TASK BRIEF:
Write back every line of the listing exactly, excluding images.

#### MATERIAL FOR THIS EXERCISE

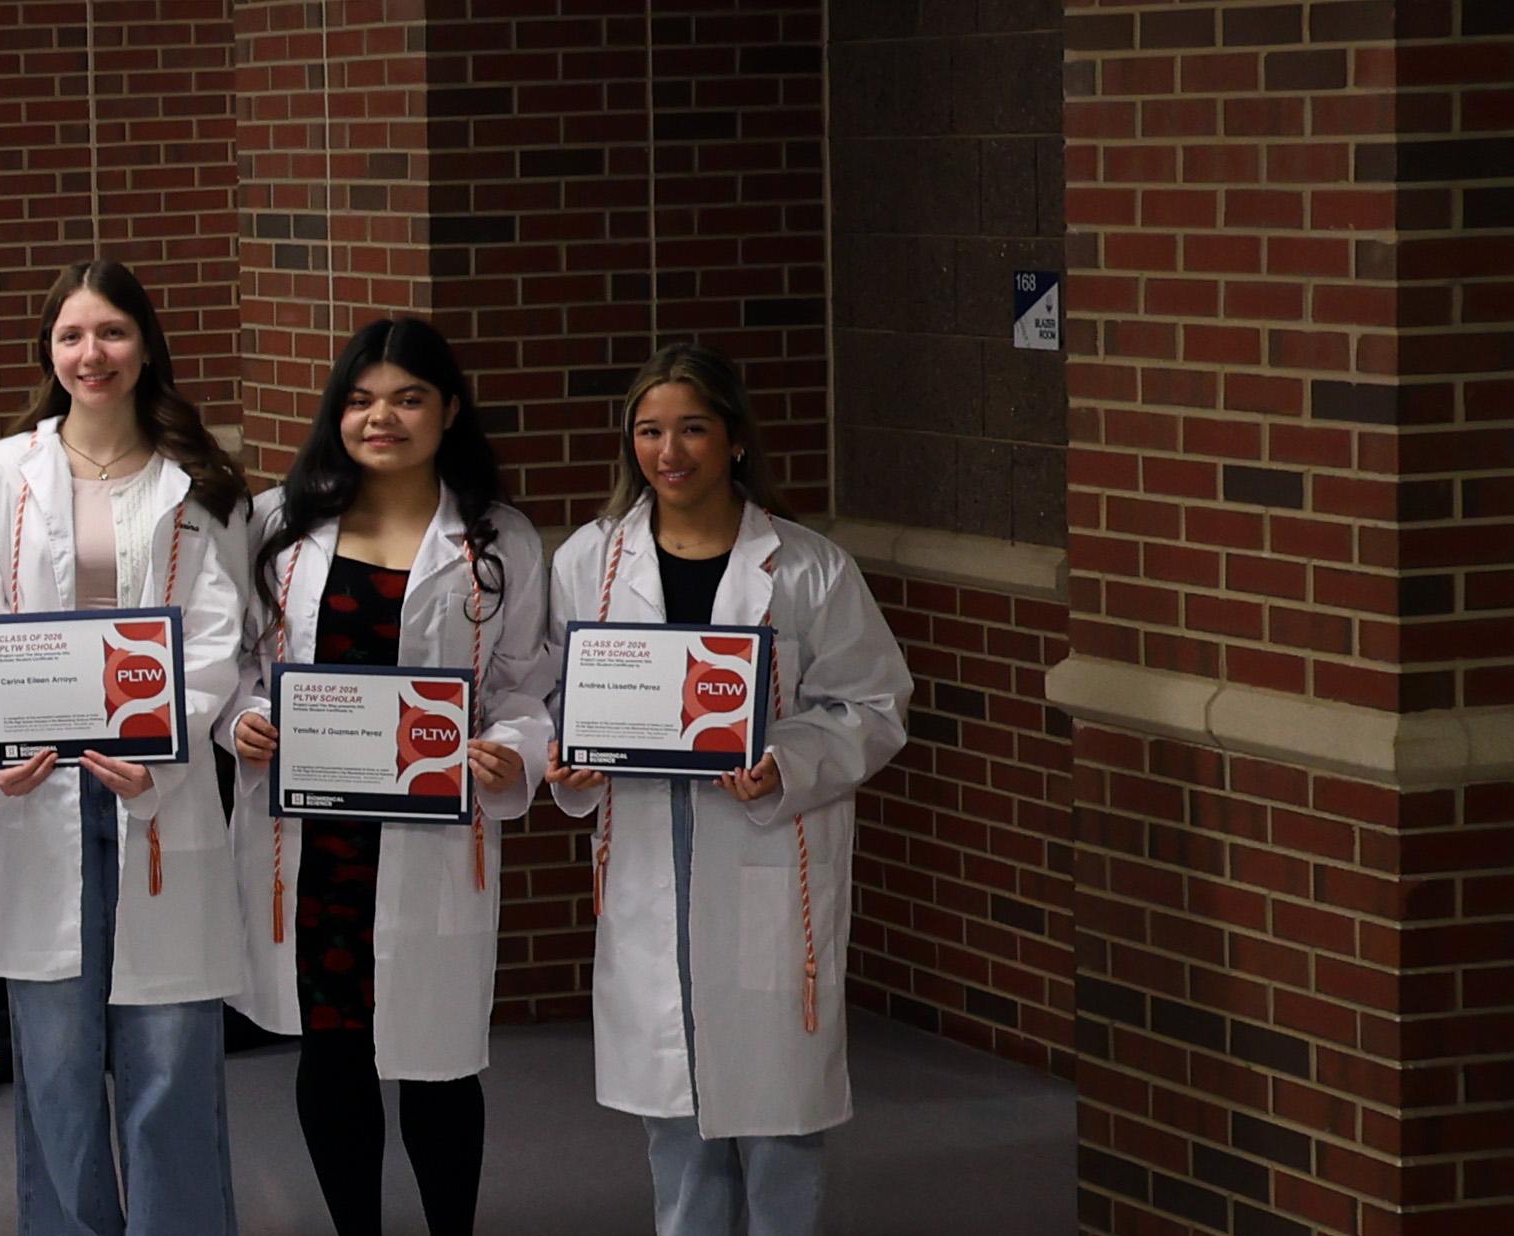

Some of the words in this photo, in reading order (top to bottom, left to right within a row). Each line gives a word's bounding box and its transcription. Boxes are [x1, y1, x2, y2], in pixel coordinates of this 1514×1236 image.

[1016, 273, 1037, 291] 168
[1035, 319, 1056, 328] BLAZER
[1039, 330, 1056, 339] ROOM
[0, 635, 27, 643] CLASS
[26, 643, 67, 651] SCHOLAR
[608, 650, 650, 658] SCHOLAR
[118, 668, 163, 682] PLTW
[697, 682, 744, 695] PLTW
[320, 695, 363, 703] SCHOLAR
[412, 728, 457, 740] PLTW
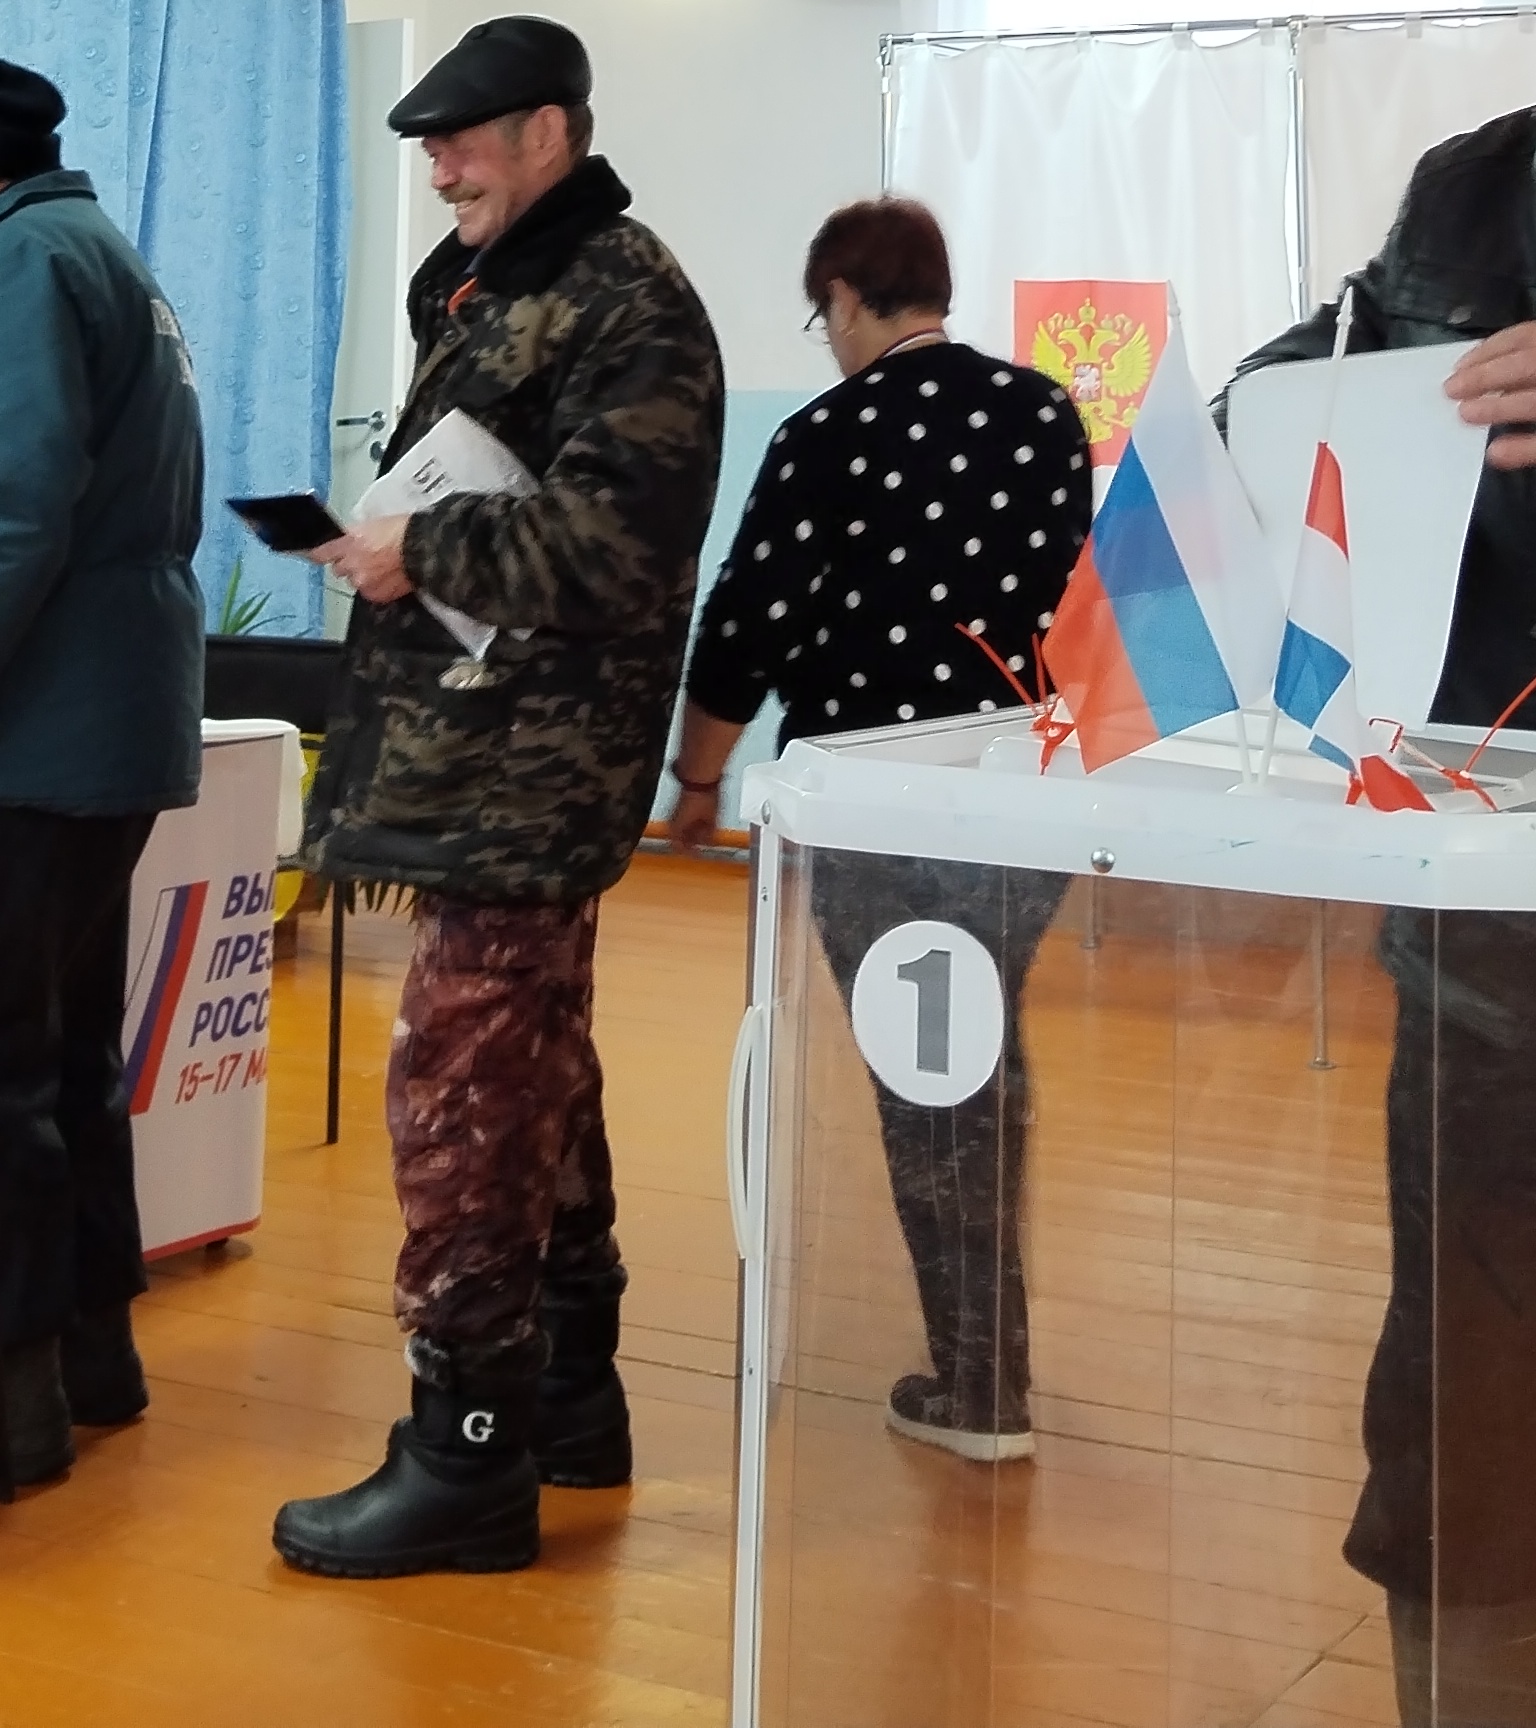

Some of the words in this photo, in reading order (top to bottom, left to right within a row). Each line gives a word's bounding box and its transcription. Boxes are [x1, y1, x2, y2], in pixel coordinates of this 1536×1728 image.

[222, 871, 274, 919] ВЫ
[205, 929, 272, 983] ПРЕ
[897, 948, 952, 1076] 1
[462, 1410, 495, 1443] G
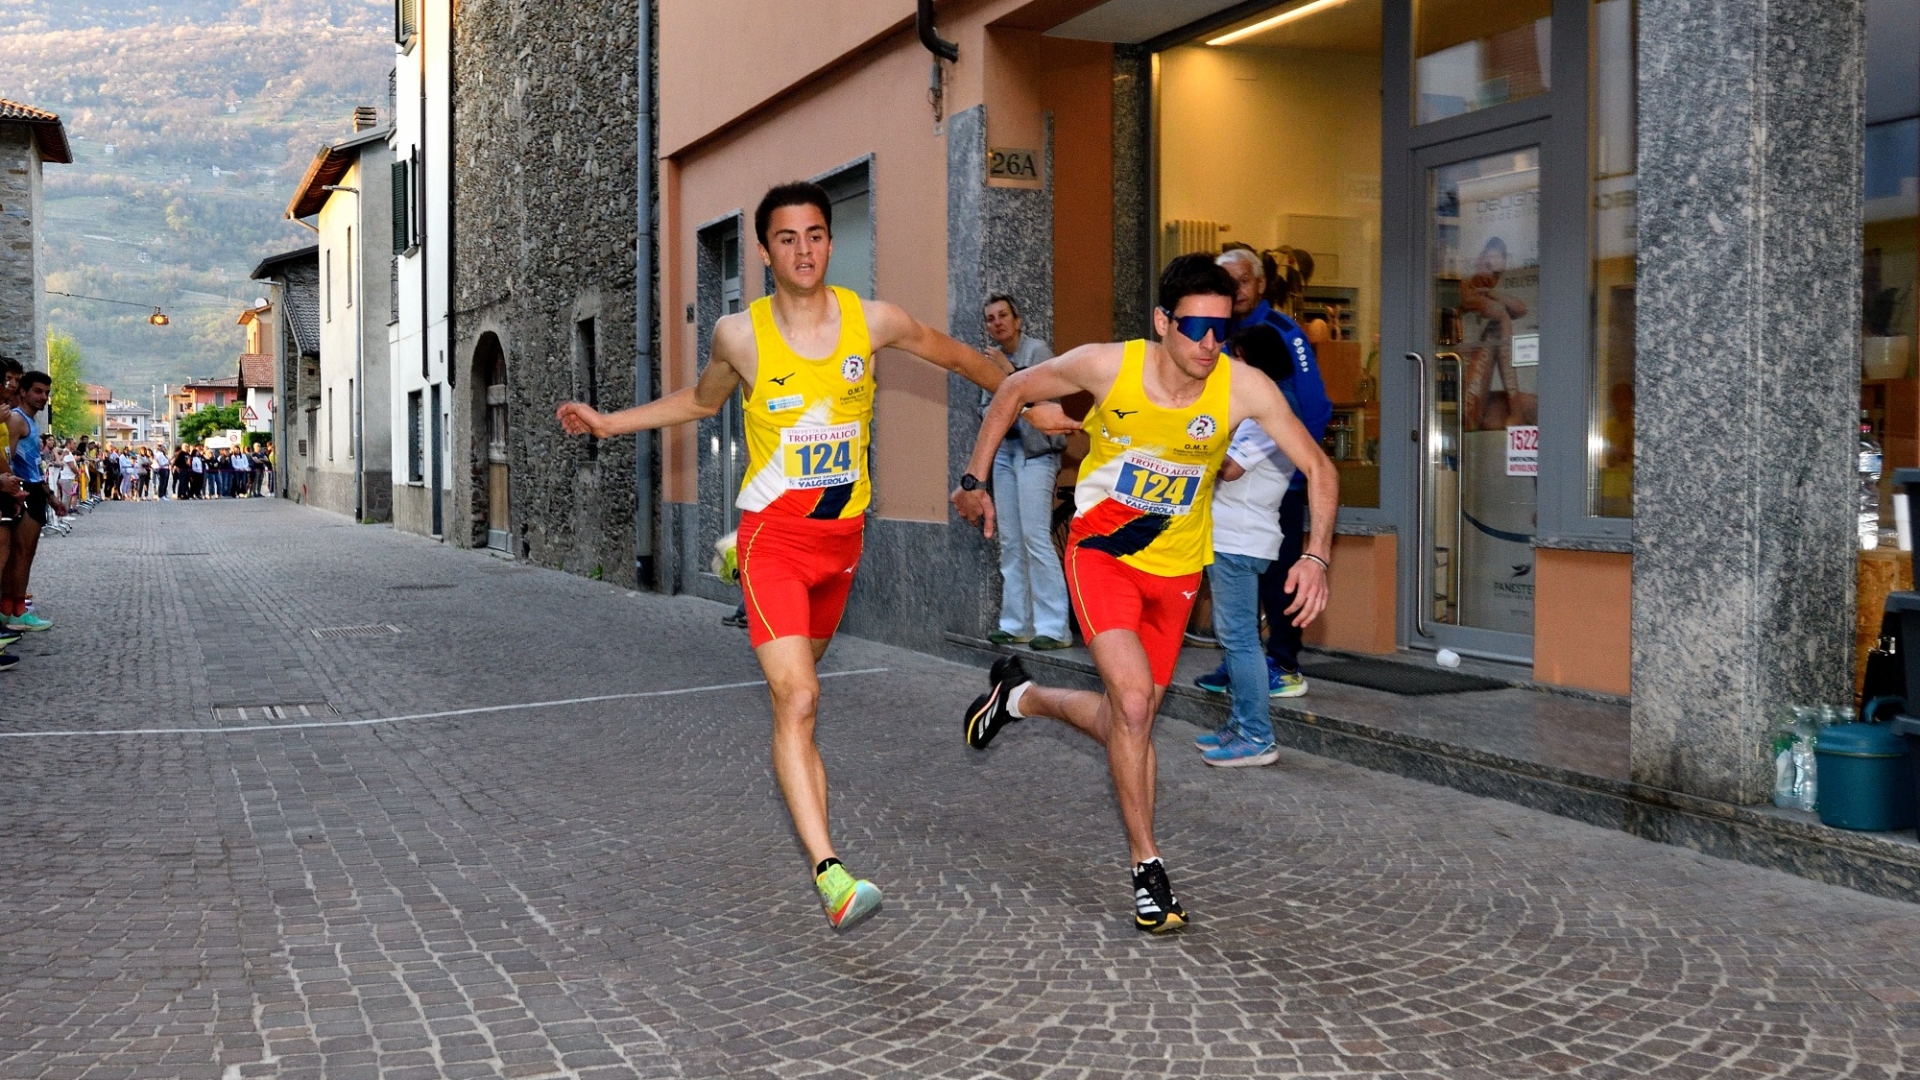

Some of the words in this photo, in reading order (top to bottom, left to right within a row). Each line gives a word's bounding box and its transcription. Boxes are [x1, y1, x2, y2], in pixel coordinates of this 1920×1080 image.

[991, 152, 1037, 177] 26A
[788, 432, 828, 443] TROFEO
[829, 429, 856, 440] ALICO
[1510, 430, 1539, 450] 1522
[796, 441, 851, 475] 124
[1131, 456, 1169, 473] TROFEO
[1170, 468, 1199, 476] ALICO
[798, 477, 849, 488] VALGEROLA
[1132, 469, 1188, 505] 124
[1125, 499, 1175, 515] VALGEROLA

########

ANSWER BELOW:
Some of the words in this photo, in reading order (top to bottom, left to right within a row). Each line gives a word's bounding box and its transcription. Boxes are [x1, y1, x2, y2], in pixel coordinates of this 1514×1236 image.

[1016, 273, 1037, 291] 168
[1035, 319, 1056, 328] BLAZER
[1039, 330, 1056, 339] ROOM
[0, 635, 27, 643] CLASS
[26, 643, 67, 651] SCHOLAR
[608, 650, 650, 658] SCHOLAR
[118, 668, 163, 682] PLTW
[697, 682, 744, 695] PLTW
[320, 695, 363, 703] SCHOLAR
[412, 728, 457, 740] PLTW

Some of the words in this photo, in reading order (top to bottom, left to right within a row). Each line gives a word's bounding box and its transcription. Boxes are [x1, y1, x2, y2], in pixel coordinates of this 1536×1728 image.

[222, 871, 274, 919] ВЫ
[205, 929, 272, 983] ПРЕ
[897, 948, 952, 1076] 1
[462, 1410, 495, 1443] G

Some of the words in this photo, in reading order (top to bottom, left to right within a row). Each line gives a word's bounding box and its transcription. Boxes are [x1, y1, x2, y2], in pixel coordinates of this 1920×1080 image.

[991, 152, 1037, 177] 26A
[788, 432, 828, 443] TROFEO
[829, 429, 856, 440] ALICO
[1510, 430, 1539, 450] 1522
[796, 441, 851, 475] 124
[1131, 456, 1169, 473] TROFEO
[1170, 468, 1199, 476] ALICO
[798, 477, 849, 488] VALGEROLA
[1132, 469, 1188, 505] 124
[1125, 499, 1175, 515] VALGEROLA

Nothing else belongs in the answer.